O velho e a água-de-barreiro
Levanta o velho ricaço, o peso dos anos e dos simbólicos muitos reais fazem-no curvar-se ao andar. Despenca na cadeira à mesa do café-da-manhã; por debaixo dos óculos meia-taça tenta focalizar mais um escândalo escancarado; e logo esquecido. Nas páginas dos jornais, sempre mais magros em teor: vítimas da nova eletrônica e informática. Lê aquilo quase rotineiro: corrupção, crime e fofocas de hiper-abastados. Um ou outro colunista revoltado.
Não dá em nada, a nação não lê. Fotos de aviões despencados, paraísos tropicais em 10 vezes, metade do papelório que folheia são anúncios de imóveis. Jornais como catálogos imobiliários ou virtuais lojas de automóveis. O destino.

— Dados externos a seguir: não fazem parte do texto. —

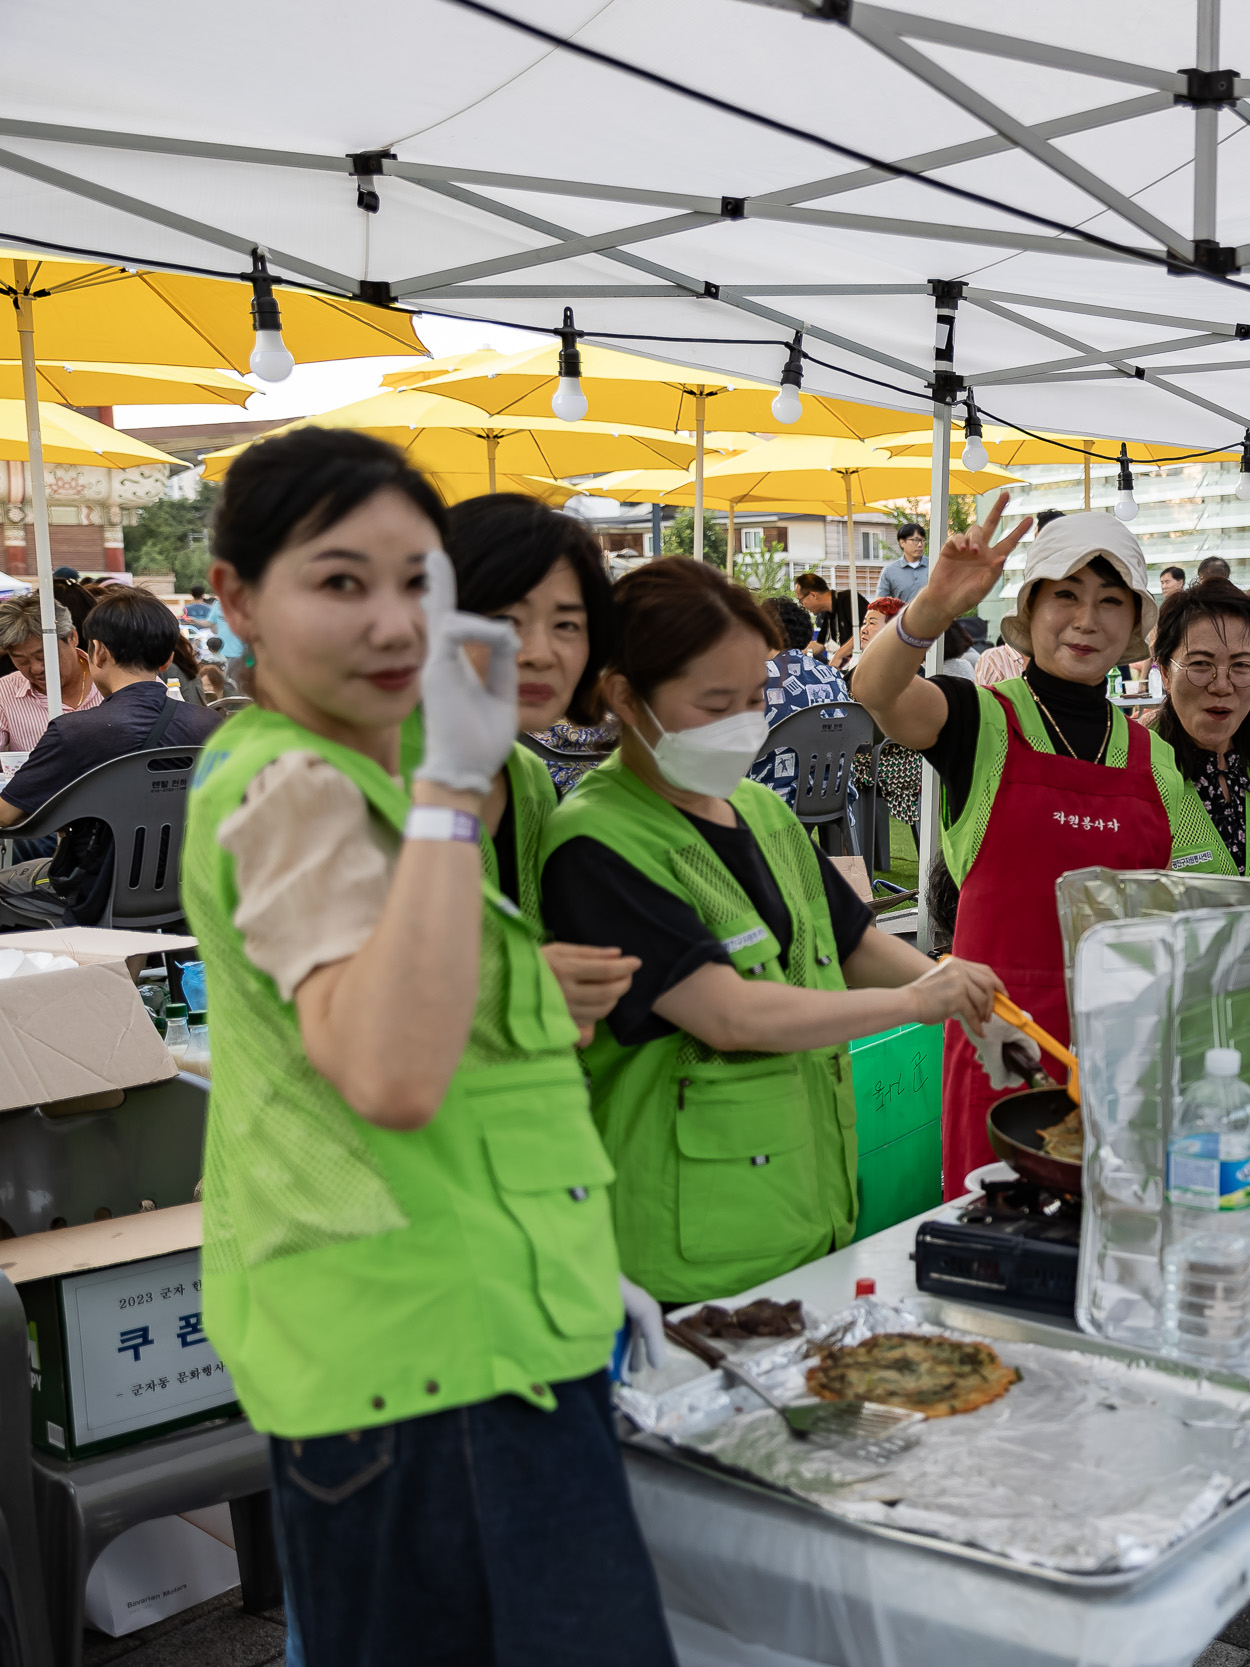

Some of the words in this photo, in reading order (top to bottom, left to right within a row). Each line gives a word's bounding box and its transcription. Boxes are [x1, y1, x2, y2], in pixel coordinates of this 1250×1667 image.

[1053, 811, 1120, 832] 자원봉사자
[119, 1292, 153, 1309] 2023
[160, 1283, 185, 1299] 군자
[132, 1377, 169, 1396] 군자동
[177, 1361, 225, 1383] 문화행사
[127, 1594, 160, 1608] Bavarian
[162, 1583, 188, 1597] Motors
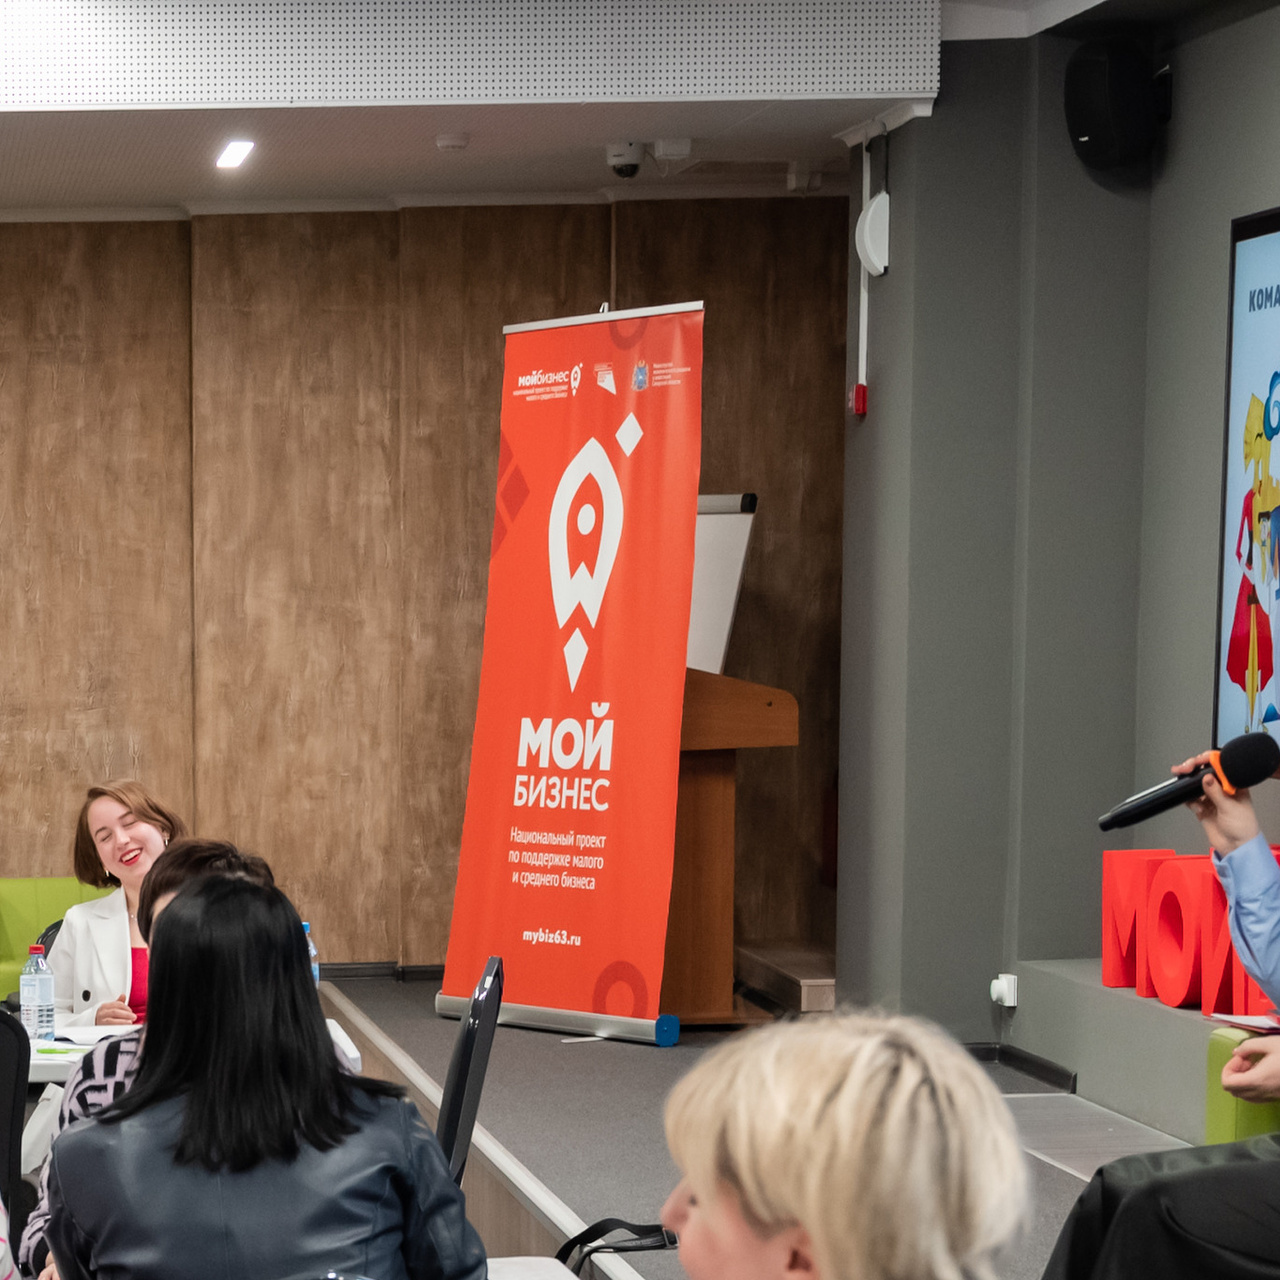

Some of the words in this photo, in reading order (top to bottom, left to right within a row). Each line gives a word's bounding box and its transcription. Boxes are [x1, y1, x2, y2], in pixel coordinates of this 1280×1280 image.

[517, 702, 614, 771] МОЙ
[513, 775, 611, 812] БИЗНЕС
[510, 826, 575, 846] Национальный
[575, 833, 607, 850] проект
[508, 850, 520, 863] по
[521, 851, 571, 869] поддержке
[572, 855, 604, 870] малого
[512, 871, 519, 883] и
[520, 871, 560, 888] среднего
[561, 871, 596, 890] бизнеса
[522, 928, 582, 946] mybiz63.ru

Futuca pela mesa, quebra crêmecraquers empastelando-os com requeijão de pote vítreo e avião antigo na etiqueta, o mais caro. Digladia-se com o sempre insôsso mamão, a cada dia menor e amarelando no trajeto entre a colheita e o destino, encaixotado. Do pé sai cada vez menor e mais verde. Para a dieta das madames, o cocô garantido após a ingestão. Quase religioso: "sem-meu-mamãozinho-não-dá-cocozinho"... Amém.
Atende ligação do causídico, esse rotineiramente e novamente a informar em casos trabalhistas os juízes serem todos suspeitos de colaborar com o inimigo, parecendo coisas de Iraque. Poder perder a ação contra mais este terrorista, configurado no trabalhador demitido que vai à justiça ver se tira algum, para ir agüentando enquanto não arruma um trampo novo. Nem sempre justo nas reclamações, mas não é assim todos fazem? Arriscando jamais aposentar-se, comum acontecer entre aqueles a galgar o caminho do enfrentamento.

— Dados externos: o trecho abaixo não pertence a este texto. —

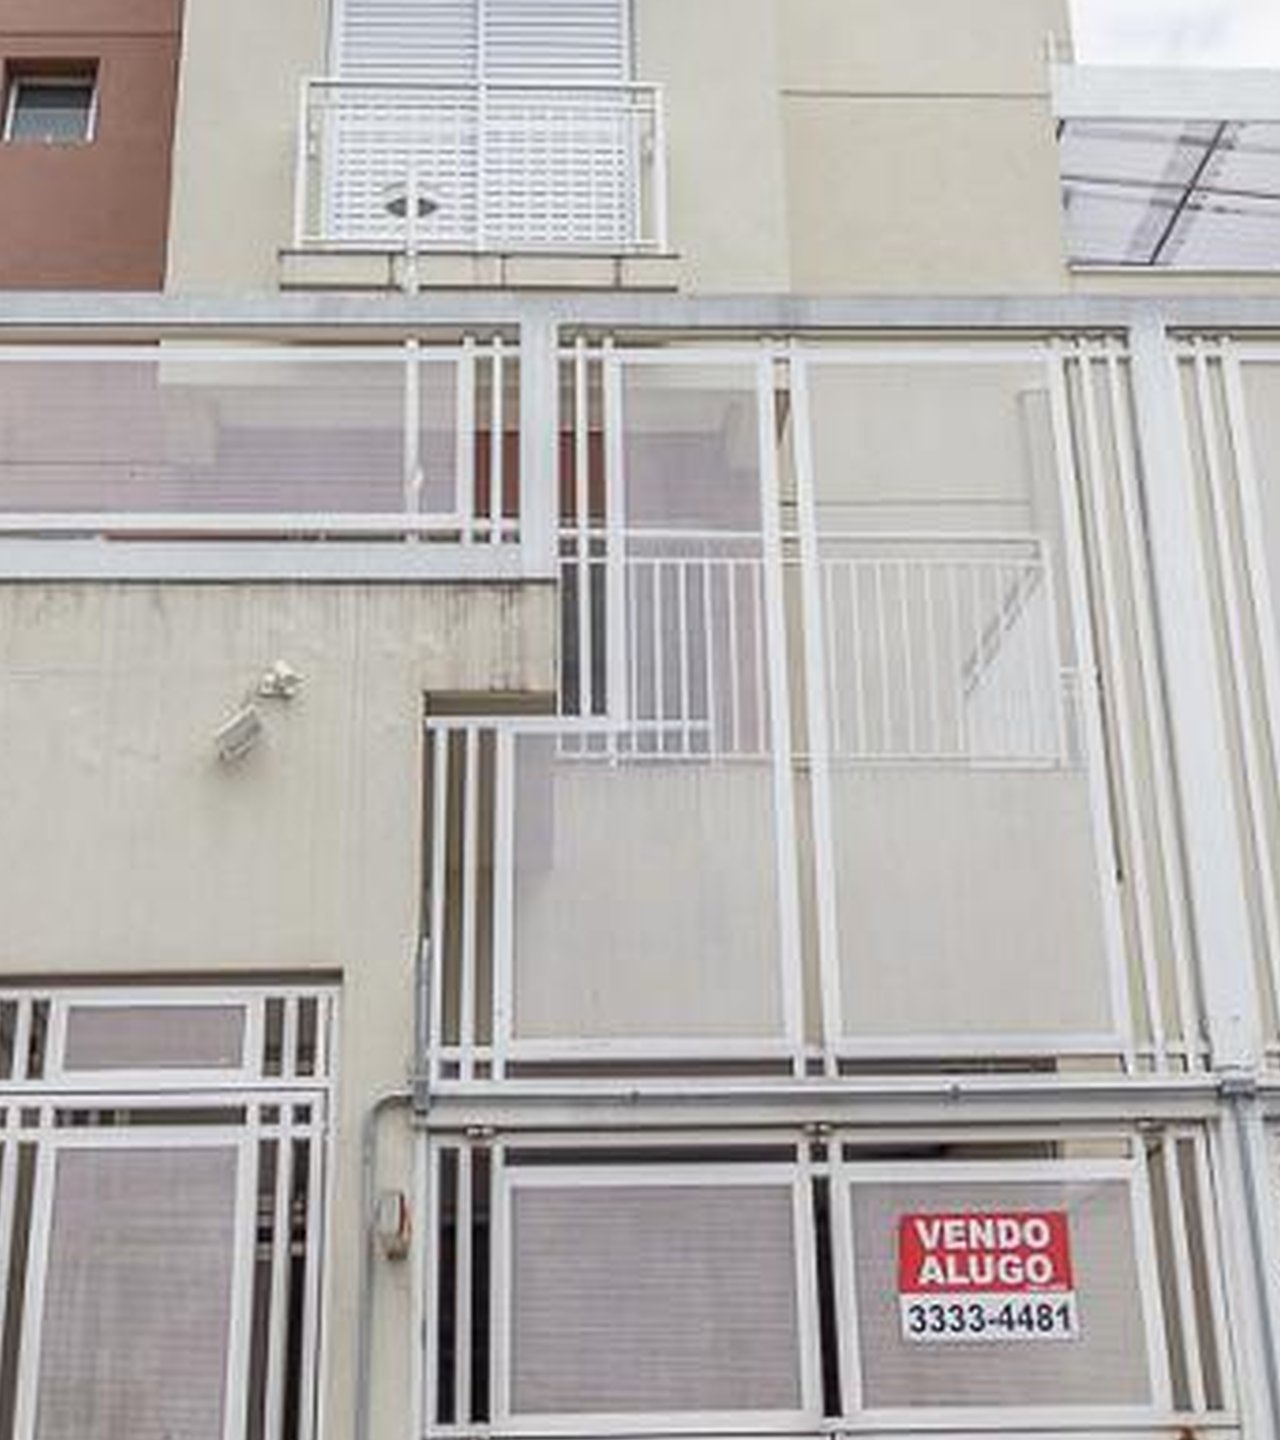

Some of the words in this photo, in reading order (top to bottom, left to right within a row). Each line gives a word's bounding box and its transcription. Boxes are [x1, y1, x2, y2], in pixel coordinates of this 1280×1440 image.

[915, 1218, 1051, 1250] VENDO
[918, 1254, 1055, 1285] ALUGO
[909, 1303, 1072, 1333] 3333-4481

- "Faça acordo, Rafael, depois fodemos o desqualificado quando quiser se aposentar. Até hoje, por aqui, Rafael, nenhum desses que foi reclamar conseguiu se aposentar. Acordo sim, até perder a causa, no problem, mas aposentadoria: nem por cima de minha carcaça fedorenta...".
Era a realidade, não se aposentavam mesmo. Um papelzinho faltante não entregue e bau-bau... A vingança, por todos os lados, o país se lastreia nisto.
Da feira, fresquíssimas, trazem limas-da-Pérsia para o combate à azia incessante, fruto do muito escótiche consumido. Aplaca as dores d´alma, diz o vetusto sujeito, alertado pelo médico sobre o consumo. Desculpas de beberrão, ora. Corre-se à cozinha, o espremedor manual, com menos barulho, deglute o interior dos gordos cítricos, nas mãos da nova copeira-cozinheira. Ela lá dos distantes Piauís, chegada de pouco. Ingênua, ainda...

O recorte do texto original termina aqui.